Wilfrid Attard

Personal information
- Born: 5 January 1922 Malta
- Died: 23 November 2001 Malta

Chess career
- Country: Malta

= Wilfred Attard =

Maltese chess player

Wilfrid Godfrey Attard (5 January 1922 – 23 November 2001) was a Maltese chess player and administrator, twelve-times Maltese Chess Championship winner (1946, 1950, 1953, 1954, 1957, 1958, 1959, 1960, 1961, 1963, 1964, 1980).

==Biography==
Wilfrid Attard was twelve-time Maltese Chess Championship winner (1946, 1950, 1953, 1954, 1957–1961, 1963, 1964 and 1980). Also he was silver medalist of the 1996 Malta Chess Championship.

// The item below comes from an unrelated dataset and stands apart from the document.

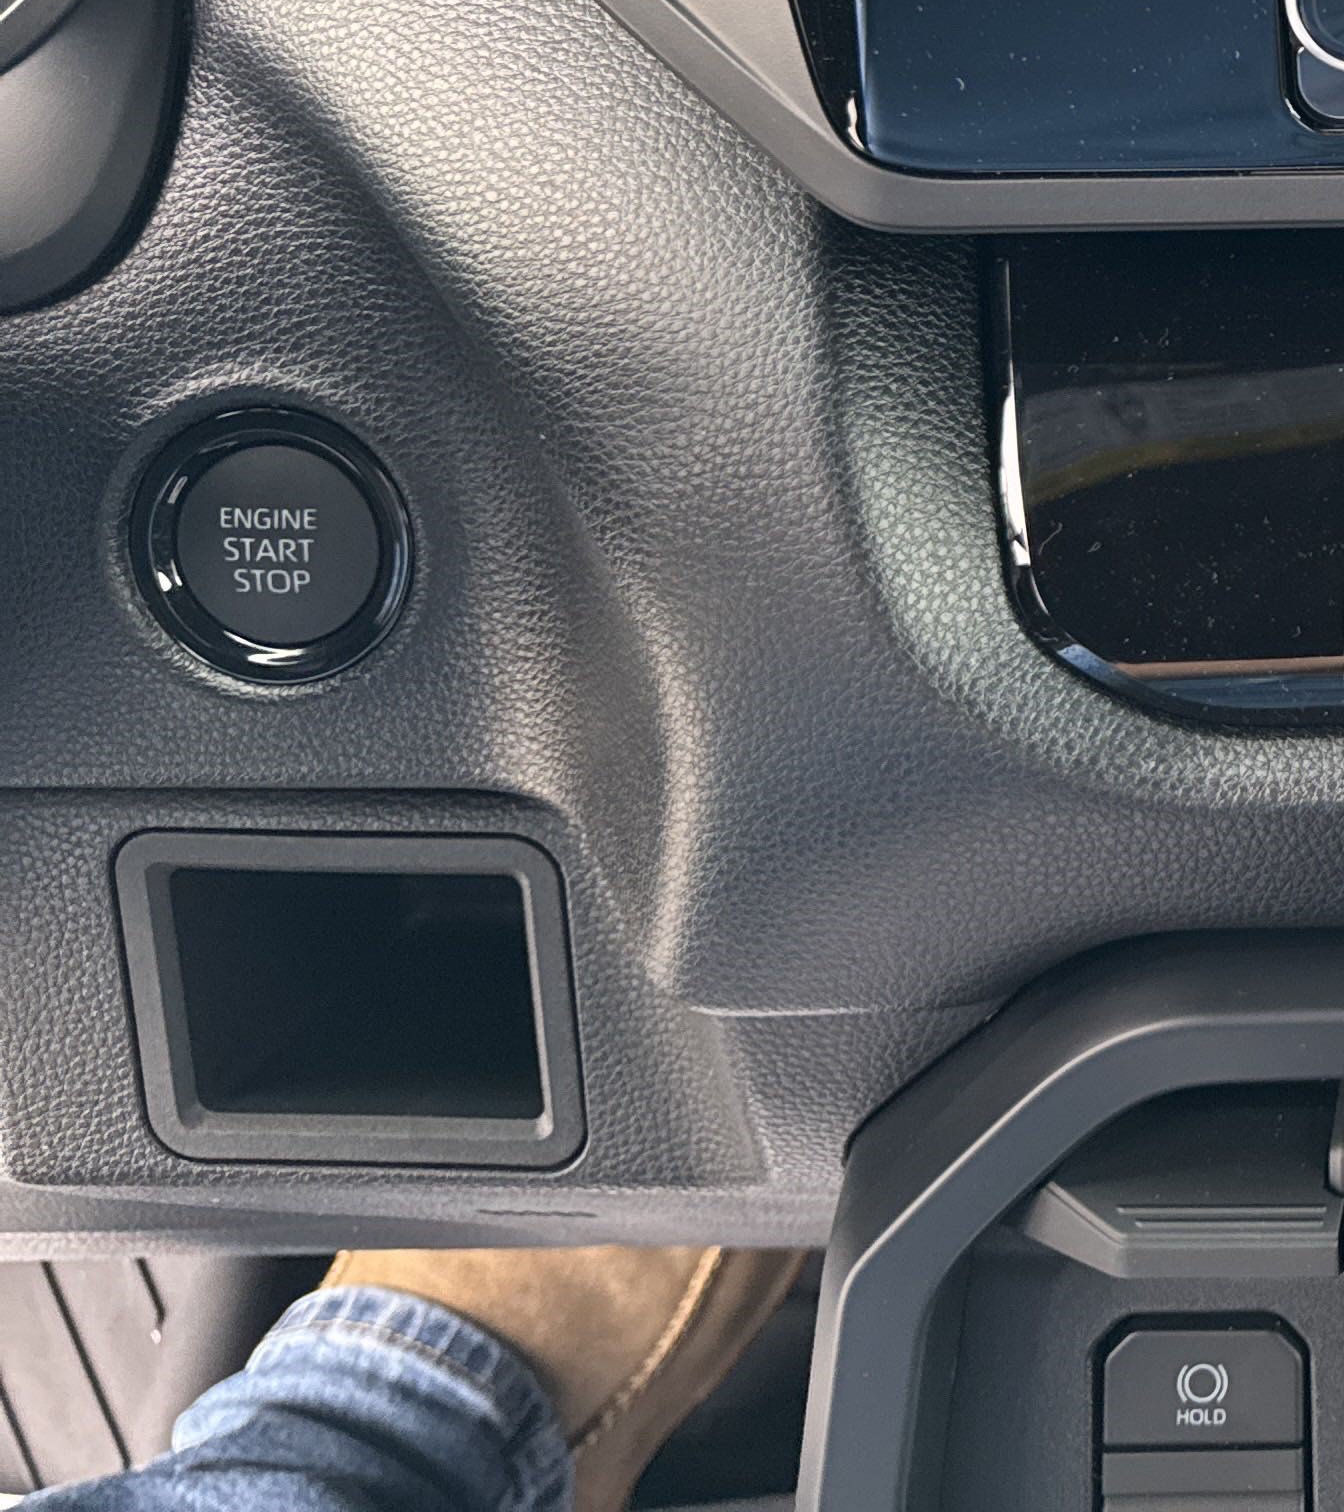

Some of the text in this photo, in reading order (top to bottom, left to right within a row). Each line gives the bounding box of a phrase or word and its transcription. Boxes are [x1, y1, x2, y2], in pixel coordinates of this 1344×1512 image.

[220, 507, 318, 530] ENGINE
[223, 538, 314, 563] START
[233, 569, 311, 593] STOP
[1176, 1408, 1227, 1426] HOLD

Wilfrid Attard played for Malta in the Chess Olympiads:
- In 1972, at third board in the 20th Chess Olympiad in Skopje (+7, =2, -5),
- In 1974, at second board in the 21st Chess Olympiad in Nice (+6, =6, -8),
- In 1980, at first board in the 24th Chess Olympiad in La Valletta (+2, =3, -5).

In 1960, 1964 and 1981 Wilfrid Attard represented Malta in World Chess Championships European Zonal tournaments. In the 1960 tournament, he defeated one of the winners of the tournament, Arturo Pomar.

Wilfrid Attard served as President of the Malta Chess Federation.